### TASK DIRECTIONS
Repeat the records given below in full, with no changes.

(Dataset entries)
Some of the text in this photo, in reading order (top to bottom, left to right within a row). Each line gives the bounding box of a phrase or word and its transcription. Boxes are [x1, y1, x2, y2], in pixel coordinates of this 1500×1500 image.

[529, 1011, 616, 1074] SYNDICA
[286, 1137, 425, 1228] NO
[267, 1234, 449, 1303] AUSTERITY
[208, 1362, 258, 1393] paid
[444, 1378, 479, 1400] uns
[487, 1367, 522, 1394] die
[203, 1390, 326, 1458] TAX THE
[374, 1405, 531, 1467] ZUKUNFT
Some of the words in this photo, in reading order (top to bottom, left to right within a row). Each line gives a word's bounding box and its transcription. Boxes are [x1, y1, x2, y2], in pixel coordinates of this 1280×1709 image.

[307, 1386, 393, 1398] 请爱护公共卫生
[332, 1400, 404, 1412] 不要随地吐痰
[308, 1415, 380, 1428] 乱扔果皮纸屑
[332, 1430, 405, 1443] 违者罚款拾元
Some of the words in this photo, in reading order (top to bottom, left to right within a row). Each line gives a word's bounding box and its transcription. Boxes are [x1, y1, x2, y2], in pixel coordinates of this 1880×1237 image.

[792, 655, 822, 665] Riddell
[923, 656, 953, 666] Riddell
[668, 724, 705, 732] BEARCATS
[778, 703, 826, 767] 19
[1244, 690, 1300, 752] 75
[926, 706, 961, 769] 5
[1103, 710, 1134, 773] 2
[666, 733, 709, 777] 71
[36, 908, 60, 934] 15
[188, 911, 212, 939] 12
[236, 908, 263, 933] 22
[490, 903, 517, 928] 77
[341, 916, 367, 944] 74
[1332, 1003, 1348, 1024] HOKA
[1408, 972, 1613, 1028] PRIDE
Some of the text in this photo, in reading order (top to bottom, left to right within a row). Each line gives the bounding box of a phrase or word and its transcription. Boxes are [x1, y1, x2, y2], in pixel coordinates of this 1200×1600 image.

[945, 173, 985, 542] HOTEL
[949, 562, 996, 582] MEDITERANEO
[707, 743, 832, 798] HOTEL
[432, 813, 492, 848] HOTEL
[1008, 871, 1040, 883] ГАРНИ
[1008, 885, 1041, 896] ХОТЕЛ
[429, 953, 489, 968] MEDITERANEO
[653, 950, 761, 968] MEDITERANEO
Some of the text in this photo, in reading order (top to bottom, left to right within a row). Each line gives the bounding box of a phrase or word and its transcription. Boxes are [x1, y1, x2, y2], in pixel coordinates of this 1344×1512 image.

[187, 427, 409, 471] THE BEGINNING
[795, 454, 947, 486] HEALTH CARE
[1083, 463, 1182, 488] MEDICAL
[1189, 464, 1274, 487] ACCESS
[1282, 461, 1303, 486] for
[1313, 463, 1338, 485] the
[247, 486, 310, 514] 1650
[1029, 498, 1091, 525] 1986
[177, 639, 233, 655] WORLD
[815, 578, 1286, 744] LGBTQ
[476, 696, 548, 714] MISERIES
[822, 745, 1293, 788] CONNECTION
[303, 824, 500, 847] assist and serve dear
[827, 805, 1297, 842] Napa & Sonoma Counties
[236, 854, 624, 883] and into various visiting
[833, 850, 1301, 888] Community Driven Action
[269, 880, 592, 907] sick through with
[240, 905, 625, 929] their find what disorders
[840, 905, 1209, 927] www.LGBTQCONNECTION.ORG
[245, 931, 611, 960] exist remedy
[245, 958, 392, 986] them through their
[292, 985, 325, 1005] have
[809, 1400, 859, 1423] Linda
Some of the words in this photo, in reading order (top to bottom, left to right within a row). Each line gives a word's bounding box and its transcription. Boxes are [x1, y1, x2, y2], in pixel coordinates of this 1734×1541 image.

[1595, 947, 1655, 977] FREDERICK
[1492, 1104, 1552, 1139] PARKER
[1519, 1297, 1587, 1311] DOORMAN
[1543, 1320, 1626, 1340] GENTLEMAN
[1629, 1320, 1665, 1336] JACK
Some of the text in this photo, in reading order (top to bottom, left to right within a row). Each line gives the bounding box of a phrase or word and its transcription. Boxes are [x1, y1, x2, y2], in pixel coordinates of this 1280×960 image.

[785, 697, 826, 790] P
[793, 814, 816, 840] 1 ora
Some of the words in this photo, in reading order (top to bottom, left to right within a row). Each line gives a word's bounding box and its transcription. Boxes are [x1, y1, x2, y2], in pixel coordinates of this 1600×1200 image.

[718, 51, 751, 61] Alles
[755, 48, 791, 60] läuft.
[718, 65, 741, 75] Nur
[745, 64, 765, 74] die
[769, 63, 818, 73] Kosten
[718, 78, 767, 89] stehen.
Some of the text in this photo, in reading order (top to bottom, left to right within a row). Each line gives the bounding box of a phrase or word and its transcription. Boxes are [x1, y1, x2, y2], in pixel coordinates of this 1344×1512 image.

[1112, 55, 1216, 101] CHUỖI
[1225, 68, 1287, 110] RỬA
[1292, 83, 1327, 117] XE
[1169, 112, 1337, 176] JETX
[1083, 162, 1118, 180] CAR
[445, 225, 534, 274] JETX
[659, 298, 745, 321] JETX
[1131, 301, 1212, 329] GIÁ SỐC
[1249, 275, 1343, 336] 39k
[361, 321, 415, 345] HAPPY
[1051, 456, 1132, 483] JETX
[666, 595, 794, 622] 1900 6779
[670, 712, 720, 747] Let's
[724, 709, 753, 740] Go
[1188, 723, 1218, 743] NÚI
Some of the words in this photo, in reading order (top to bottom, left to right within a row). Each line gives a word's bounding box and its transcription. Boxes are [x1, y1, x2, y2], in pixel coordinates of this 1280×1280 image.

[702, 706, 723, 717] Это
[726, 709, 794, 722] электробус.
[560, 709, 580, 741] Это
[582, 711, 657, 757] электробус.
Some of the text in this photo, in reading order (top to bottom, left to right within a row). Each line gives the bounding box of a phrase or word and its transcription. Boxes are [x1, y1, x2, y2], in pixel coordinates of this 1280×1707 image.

### EXPECTED OUTPUT
Some of the text in this photo, in reading order (top to bottom, left to right within a row). Each line gives the bounding box of a phrase or word and its transcription. Boxes are [x1, y1, x2, y2], in pixel coordinates of this 1500×1500 image.

[529, 1011, 616, 1074] SYNDICA
[286, 1137, 425, 1228] NO
[267, 1234, 449, 1303] AUSTERITY
[208, 1362, 258, 1393] paid
[444, 1378, 479, 1400] uns
[487, 1367, 522, 1394] die
[203, 1390, 326, 1458] TAX THE
[374, 1405, 531, 1467] ZUKUNFT
Some of the words in this photo, in reading order (top to bottom, left to right within a row). Each line gives a word's bounding box and its transcription. Boxes are [x1, y1, x2, y2], in pixel coordinates of this 1280×1709 image.

[307, 1386, 393, 1398] 请爱护公共卫生
[332, 1400, 404, 1412] 不要随地吐痰
[308, 1415, 380, 1428] 乱扔果皮纸屑
[332, 1430, 405, 1443] 违者罚款拾元
Some of the words in this photo, in reading order (top to bottom, left to right within a row). Each line gives a word's bounding box and its transcription. Boxes are [x1, y1, x2, y2], in pixel coordinates of this 1880×1237 image.

[792, 655, 822, 665] Riddell
[923, 656, 953, 666] Riddell
[668, 724, 705, 732] BEARCATS
[778, 703, 826, 767] 19
[1244, 690, 1300, 752] 75
[926, 706, 961, 769] 5
[1103, 710, 1134, 773] 2
[666, 733, 709, 777] 71
[36, 908, 60, 934] 15
[188, 911, 212, 939] 12
[236, 908, 263, 933] 22
[490, 903, 517, 928] 77
[341, 916, 367, 944] 74
[1332, 1003, 1348, 1024] HOKA
[1408, 972, 1613, 1028] PRIDE
Some of the text in this photo, in reading order (top to bottom, left to right within a row). Each line gives the bounding box of a phrase or word and its transcription. Boxes are [x1, y1, x2, y2], in pixel coordinates of this 1200×1600 image.

[945, 173, 985, 542] HOTEL
[949, 562, 996, 582] MEDITERANEO
[707, 743, 832, 798] HOTEL
[432, 813, 492, 848] HOTEL
[1008, 871, 1040, 883] ГАРНИ
[1008, 885, 1041, 896] ХОТЕЛ
[429, 953, 489, 968] MEDITERANEO
[653, 950, 761, 968] MEDITERANEO
Some of the text in this photo, in reading order (top to bottom, left to right within a row). Each line gives the bounding box of a phrase or word and its transcription. Boxes are [x1, y1, x2, y2], in pixel coordinates of this 1344×1512 image.

[187, 427, 409, 471] THE BEGINNING
[795, 454, 947, 486] HEALTH CARE
[1083, 463, 1182, 488] MEDICAL
[1189, 464, 1274, 487] ACCESS
[1282, 461, 1303, 486] for
[1313, 463, 1338, 485] the
[247, 486, 310, 514] 1650
[1029, 498, 1091, 525] 1986
[177, 639, 233, 655] WORLD
[815, 578, 1286, 744] LGBTQ
[476, 696, 548, 714] MISERIES
[822, 745, 1293, 788] CONNECTION
[303, 824, 500, 847] assist and serve dear
[827, 805, 1297, 842] Napa & Sonoma Counties
[236, 854, 624, 883] and into various visiting
[833, 850, 1301, 888] Community Driven Action
[269, 880, 592, 907] sick through with
[240, 905, 625, 929] their find what disorders
[840, 905, 1209, 927] www.LGBTQCONNECTION.ORG
[245, 931, 611, 960] exist remedy
[245, 958, 392, 986] them through their
[292, 985, 325, 1005] have
[809, 1400, 859, 1423] Linda
Some of the words in this photo, in reading order (top to bottom, left to right within a row). Each line gives a word's bounding box and its transcription. Boxes are [x1, y1, x2, y2], in pixel coordinates of this 1734×1541 image.

[1595, 947, 1655, 977] FREDERICK
[1492, 1104, 1552, 1139] PARKER
[1519, 1297, 1587, 1311] DOORMAN
[1543, 1320, 1626, 1340] GENTLEMAN
[1629, 1320, 1665, 1336] JACK
Some of the text in this photo, in reading order (top to bottom, left to right within a row). Each line gives the bounding box of a phrase or word and its transcription. Boxes are [x1, y1, x2, y2], in pixel coordinates of this 1280×960 image.

[785, 697, 826, 790] P
[793, 814, 816, 840] 1 ora
Some of the words in this photo, in reading order (top to bottom, left to right within a row). Each line gives a word's bounding box and its transcription. Boxes are [x1, y1, x2, y2], in pixel coordinates of this 1600×1200 image.

[718, 51, 751, 61] Alles
[755, 48, 791, 60] läuft.
[718, 65, 741, 75] Nur
[745, 64, 765, 74] die
[769, 63, 818, 73] Kosten
[718, 78, 767, 89] stehen.
Some of the text in this photo, in reading order (top to bottom, left to right within a row). Each line gives the bounding box of a phrase or word and its transcription. Boxes are [x1, y1, x2, y2], in pixel coordinates of this 1344×1512 image.

[1112, 55, 1216, 101] CHUỖI
[1225, 68, 1287, 110] RỬA
[1292, 83, 1327, 117] XE
[1169, 112, 1337, 176] JETX
[1083, 162, 1118, 180] CAR
[445, 225, 534, 274] JETX
[659, 298, 745, 321] JETX
[1131, 301, 1212, 329] GIÁ SỐC
[1249, 275, 1343, 336] 39k
[361, 321, 415, 345] HAPPY
[1051, 456, 1132, 483] JETX
[666, 595, 794, 622] 1900 6779
[670, 712, 720, 747] Let's
[724, 709, 753, 740] Go
[1188, 723, 1218, 743] NÚI
Some of the words in this photo, in reading order (top to bottom, left to right within a row). Each line gives a word's bounding box and its transcription. Boxes are [x1, y1, x2, y2], in pixel coordinates of this 1280×1280 image.

[702, 706, 723, 717] Это
[726, 709, 794, 722] электробус.
[560, 709, 580, 741] Это
[582, 711, 657, 757] электробус.
Some of the text in this photo, in reading order (top to bottom, left to right within a row). Each line gives the bounding box of a phrase or word and its transcription. Boxes are [x1, y1, x2, y2], in pixel coordinates of this 1280×1707 image.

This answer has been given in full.